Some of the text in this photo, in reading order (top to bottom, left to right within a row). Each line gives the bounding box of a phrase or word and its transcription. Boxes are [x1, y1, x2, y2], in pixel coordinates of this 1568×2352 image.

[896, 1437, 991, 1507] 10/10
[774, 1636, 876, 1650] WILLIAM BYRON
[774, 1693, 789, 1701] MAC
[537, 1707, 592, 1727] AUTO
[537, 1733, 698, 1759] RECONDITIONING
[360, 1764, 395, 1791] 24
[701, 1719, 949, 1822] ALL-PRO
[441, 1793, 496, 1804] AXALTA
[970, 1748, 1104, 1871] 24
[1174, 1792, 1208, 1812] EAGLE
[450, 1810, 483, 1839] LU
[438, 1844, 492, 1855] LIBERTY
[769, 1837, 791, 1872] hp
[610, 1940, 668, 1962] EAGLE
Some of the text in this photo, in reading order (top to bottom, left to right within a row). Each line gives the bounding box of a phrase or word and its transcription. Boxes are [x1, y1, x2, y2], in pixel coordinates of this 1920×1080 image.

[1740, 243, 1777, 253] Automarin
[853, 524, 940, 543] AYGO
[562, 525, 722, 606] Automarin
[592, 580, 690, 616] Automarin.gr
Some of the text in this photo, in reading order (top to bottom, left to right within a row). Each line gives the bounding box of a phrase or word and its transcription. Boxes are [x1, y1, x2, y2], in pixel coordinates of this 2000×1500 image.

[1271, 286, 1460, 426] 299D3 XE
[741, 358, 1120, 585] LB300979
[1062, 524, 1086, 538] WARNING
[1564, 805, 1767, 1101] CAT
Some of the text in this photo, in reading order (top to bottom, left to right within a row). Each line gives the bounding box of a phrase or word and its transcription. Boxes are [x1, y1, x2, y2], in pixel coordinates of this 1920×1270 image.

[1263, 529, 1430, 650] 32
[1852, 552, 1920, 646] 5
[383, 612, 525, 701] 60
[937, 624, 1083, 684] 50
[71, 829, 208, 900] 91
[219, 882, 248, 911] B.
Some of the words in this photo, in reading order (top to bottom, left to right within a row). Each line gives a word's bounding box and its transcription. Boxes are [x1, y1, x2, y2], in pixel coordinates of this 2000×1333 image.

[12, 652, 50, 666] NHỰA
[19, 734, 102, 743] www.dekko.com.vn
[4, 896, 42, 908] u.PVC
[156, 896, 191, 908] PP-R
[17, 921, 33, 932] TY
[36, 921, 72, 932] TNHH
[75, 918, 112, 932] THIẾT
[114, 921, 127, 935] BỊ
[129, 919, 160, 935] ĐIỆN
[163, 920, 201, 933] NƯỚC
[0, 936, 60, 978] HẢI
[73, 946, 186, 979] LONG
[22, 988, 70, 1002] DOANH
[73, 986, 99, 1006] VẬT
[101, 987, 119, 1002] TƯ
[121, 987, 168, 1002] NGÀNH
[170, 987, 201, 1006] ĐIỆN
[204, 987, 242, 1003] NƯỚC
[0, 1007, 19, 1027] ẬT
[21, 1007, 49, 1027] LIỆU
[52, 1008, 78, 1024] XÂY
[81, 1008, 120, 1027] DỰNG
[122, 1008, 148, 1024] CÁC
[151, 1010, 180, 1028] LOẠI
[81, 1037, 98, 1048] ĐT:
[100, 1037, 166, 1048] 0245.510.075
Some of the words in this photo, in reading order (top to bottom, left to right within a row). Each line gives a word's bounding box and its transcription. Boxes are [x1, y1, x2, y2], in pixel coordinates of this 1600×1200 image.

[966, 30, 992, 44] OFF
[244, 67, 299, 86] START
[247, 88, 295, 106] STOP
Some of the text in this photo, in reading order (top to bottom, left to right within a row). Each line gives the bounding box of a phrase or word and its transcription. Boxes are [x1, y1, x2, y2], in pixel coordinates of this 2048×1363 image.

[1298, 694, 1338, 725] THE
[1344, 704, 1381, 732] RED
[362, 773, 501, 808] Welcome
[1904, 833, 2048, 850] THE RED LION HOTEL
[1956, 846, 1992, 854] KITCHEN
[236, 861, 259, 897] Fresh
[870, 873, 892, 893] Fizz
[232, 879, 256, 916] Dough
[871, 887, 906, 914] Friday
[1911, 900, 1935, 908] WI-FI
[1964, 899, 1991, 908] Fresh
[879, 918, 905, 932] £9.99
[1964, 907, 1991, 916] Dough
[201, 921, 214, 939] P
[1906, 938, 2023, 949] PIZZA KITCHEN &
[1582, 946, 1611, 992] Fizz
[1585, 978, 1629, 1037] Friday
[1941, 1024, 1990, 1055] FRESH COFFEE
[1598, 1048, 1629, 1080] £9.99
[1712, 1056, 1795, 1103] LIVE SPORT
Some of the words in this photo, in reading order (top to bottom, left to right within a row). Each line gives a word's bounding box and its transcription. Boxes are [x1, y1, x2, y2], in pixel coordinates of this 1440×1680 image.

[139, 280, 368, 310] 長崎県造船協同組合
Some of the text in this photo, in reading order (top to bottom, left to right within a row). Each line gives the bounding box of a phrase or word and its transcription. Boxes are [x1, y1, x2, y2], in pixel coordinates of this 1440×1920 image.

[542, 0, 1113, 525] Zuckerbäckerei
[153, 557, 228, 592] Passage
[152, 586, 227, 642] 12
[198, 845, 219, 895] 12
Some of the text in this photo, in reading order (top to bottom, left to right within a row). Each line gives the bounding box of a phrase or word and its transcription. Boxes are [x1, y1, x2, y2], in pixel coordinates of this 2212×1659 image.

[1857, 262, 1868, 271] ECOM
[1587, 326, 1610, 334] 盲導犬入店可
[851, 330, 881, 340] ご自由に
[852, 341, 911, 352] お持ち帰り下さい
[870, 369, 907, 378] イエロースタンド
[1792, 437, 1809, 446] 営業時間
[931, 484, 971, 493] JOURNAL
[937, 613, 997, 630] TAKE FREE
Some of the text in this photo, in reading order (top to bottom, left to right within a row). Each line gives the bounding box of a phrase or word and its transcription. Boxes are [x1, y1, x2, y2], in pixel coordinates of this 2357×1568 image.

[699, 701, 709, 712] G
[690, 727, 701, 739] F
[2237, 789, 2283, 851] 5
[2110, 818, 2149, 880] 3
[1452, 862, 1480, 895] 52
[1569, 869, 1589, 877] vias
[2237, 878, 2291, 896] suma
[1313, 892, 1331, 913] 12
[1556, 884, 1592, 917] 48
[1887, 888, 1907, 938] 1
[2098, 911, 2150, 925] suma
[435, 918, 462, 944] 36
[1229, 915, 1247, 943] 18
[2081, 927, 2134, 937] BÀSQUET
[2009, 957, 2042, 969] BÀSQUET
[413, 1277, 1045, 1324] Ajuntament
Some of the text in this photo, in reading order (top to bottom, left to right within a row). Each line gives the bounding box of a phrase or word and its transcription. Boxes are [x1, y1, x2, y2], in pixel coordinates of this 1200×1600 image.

**Assignment:**
Give the data again in full, exactly.

**Result of the task:**
Some of the text in this photo, in reading order (top to bottom, left to right within a row). Each line gives the bounding box of a phrase or word and its transcription. Boxes are [x1, y1, x2, y2], in pixel coordinates of this 1568×2352 image.

[896, 1437, 991, 1507] 10/10
[774, 1636, 876, 1650] WILLIAM BYRON
[774, 1693, 789, 1701] MAC
[537, 1707, 592, 1727] AUTO
[537, 1733, 698, 1759] RECONDITIONING
[360, 1764, 395, 1791] 24
[701, 1719, 949, 1822] ALL-PRO
[441, 1793, 496, 1804] AXALTA
[970, 1748, 1104, 1871] 24
[1174, 1792, 1208, 1812] EAGLE
[450, 1810, 483, 1839] LU
[438, 1844, 492, 1855] LIBERTY
[769, 1837, 791, 1872] hp
[610, 1940, 668, 1962] EAGLE
Some of the text in this photo, in reading order (top to bottom, left to right within a row). Each line gives the bounding box of a phrase or word and its transcription. Boxes are [x1, y1, x2, y2], in pixel coordinates of this 1920×1080 image.

[1740, 243, 1777, 253] Automarin
[853, 524, 940, 543] AYGO
[562, 525, 722, 606] Automarin
[592, 580, 690, 616] Automarin.gr
Some of the text in this photo, in reading order (top to bottom, left to right within a row). Each line gives the bounding box of a phrase or word and its transcription. Boxes are [x1, y1, x2, y2], in pixel coordinates of this 2000×1500 image.

[1271, 286, 1460, 426] 299D3 XE
[741, 358, 1120, 585] LB300979
[1062, 524, 1086, 538] WARNING
[1564, 805, 1767, 1101] CAT
Some of the text in this photo, in reading order (top to bottom, left to right within a row). Each line gives the bounding box of a phrase or word and its transcription. Boxes are [x1, y1, x2, y2], in pixel coordinates of this 1920×1270 image.

[1263, 529, 1430, 650] 32
[1852, 552, 1920, 646] 5
[383, 612, 525, 701] 60
[937, 624, 1083, 684] 50
[71, 829, 208, 900] 91
[219, 882, 248, 911] B.
Some of the words in this photo, in reading order (top to bottom, left to right within a row). Each line gives a word's bounding box and its transcription. Boxes are [x1, y1, x2, y2], in pixel coordinates of this 2000×1333 image.

[12, 652, 50, 666] NHỰA
[19, 734, 102, 743] www.dekko.com.vn
[4, 896, 42, 908] u.PVC
[156, 896, 191, 908] PP-R
[17, 921, 33, 932] TY
[36, 921, 72, 932] TNHH
[75, 918, 112, 932] THIẾT
[114, 921, 127, 935] BỊ
[129, 919, 160, 935] ĐIỆN
[163, 920, 201, 933] NƯỚC
[0, 936, 60, 978] HẢI
[73, 946, 186, 979] LONG
[22, 988, 70, 1002] DOANH
[73, 986, 99, 1006] VẬT
[101, 987, 119, 1002] TƯ
[121, 987, 168, 1002] NGÀNH
[170, 987, 201, 1006] ĐIỆN
[204, 987, 242, 1003] NƯỚC
[0, 1007, 19, 1027] ẬT
[21, 1007, 49, 1027] LIỆU
[52, 1008, 78, 1024] XÂY
[81, 1008, 120, 1027] DỰNG
[122, 1008, 148, 1024] CÁC
[151, 1010, 180, 1028] LOẠI
[81, 1037, 98, 1048] ĐT:
[100, 1037, 166, 1048] 0245.510.075
Some of the words in this photo, in reading order (top to bottom, left to right within a row). Each line gives a word's bounding box and its transcription. Boxes are [x1, y1, x2, y2], in pixel coordinates of this 1600×1200 image.

[966, 30, 992, 44] OFF
[244, 67, 299, 86] START
[247, 88, 295, 106] STOP
Some of the text in this photo, in reading order (top to bottom, left to right within a row). Each line gives the bounding box of a phrase or word and its transcription. Boxes are [x1, y1, x2, y2], in pixel coordinates of this 2048×1363 image.

[1298, 694, 1338, 725] THE
[1344, 704, 1381, 732] RED
[362, 773, 501, 808] Welcome
[1904, 833, 2048, 850] THE RED LION HOTEL
[1956, 846, 1992, 854] KITCHEN
[236, 861, 259, 897] Fresh
[870, 873, 892, 893] Fizz
[232, 879, 256, 916] Dough
[871, 887, 906, 914] Friday
[1911, 900, 1935, 908] WI-FI
[1964, 899, 1991, 908] Fresh
[879, 918, 905, 932] £9.99
[1964, 907, 1991, 916] Dough
[201, 921, 214, 939] P
[1906, 938, 2023, 949] PIZZA KITCHEN &
[1582, 946, 1611, 992] Fizz
[1585, 978, 1629, 1037] Friday
[1941, 1024, 1990, 1055] FRESH COFFEE
[1598, 1048, 1629, 1080] £9.99
[1712, 1056, 1795, 1103] LIVE SPORT
Some of the words in this photo, in reading order (top to bottom, left to right within a row). Each line gives a word's bounding box and its transcription. Boxes are [x1, y1, x2, y2], in pixel coordinates of this 1440×1680 image.

[139, 280, 368, 310] 長崎県造船協同組合
Some of the text in this photo, in reading order (top to bottom, left to right within a row). Each line gives the bounding box of a phrase or word and its transcription. Boxes are [x1, y1, x2, y2], in pixel coordinates of this 1440×1920 image.

[542, 0, 1113, 525] Zuckerbäckerei
[153, 557, 228, 592] Passage
[152, 586, 227, 642] 12
[198, 845, 219, 895] 12
Some of the text in this photo, in reading order (top to bottom, left to right within a row). Each line gives the bounding box of a phrase or word and its transcription. Boxes are [x1, y1, x2, y2], in pixel coordinates of this 2212×1659 image.

[1857, 262, 1868, 271] ECOM
[1587, 326, 1610, 334] 盲導犬入店可
[851, 330, 881, 340] ご自由に
[852, 341, 911, 352] お持ち帰り下さい
[870, 369, 907, 378] イエロースタンド
[1792, 437, 1809, 446] 営業時間
[931, 484, 971, 493] JOURNAL
[937, 613, 997, 630] TAKE FREE
Some of the text in this photo, in reading order (top to bottom, left to right within a row). Each line gives the bounding box of a phrase or word and its transcription. Boxes are [x1, y1, x2, y2], in pixel coordinates of this 2357×1568 image.

[699, 701, 709, 712] G
[690, 727, 701, 739] F
[2237, 789, 2283, 851] 5
[2110, 818, 2149, 880] 3
[1452, 862, 1480, 895] 52
[1569, 869, 1589, 877] vias
[2237, 878, 2291, 896] suma
[1313, 892, 1331, 913] 12
[1556, 884, 1592, 917] 48
[1887, 888, 1907, 938] 1
[2098, 911, 2150, 925] suma
[435, 918, 462, 944] 36
[1229, 915, 1247, 943] 18
[2081, 927, 2134, 937] BÀSQUET
[2009, 957, 2042, 969] BÀSQUET
[413, 1277, 1045, 1324] Ajuntament
Some of the text in this photo, in reading order (top to bottom, left to right within a row). Each line gives the bounding box of a phrase or word and its transcription. Boxes are [x1, y1, x2, y2], in pixel coordinates of this 1200×1600 image.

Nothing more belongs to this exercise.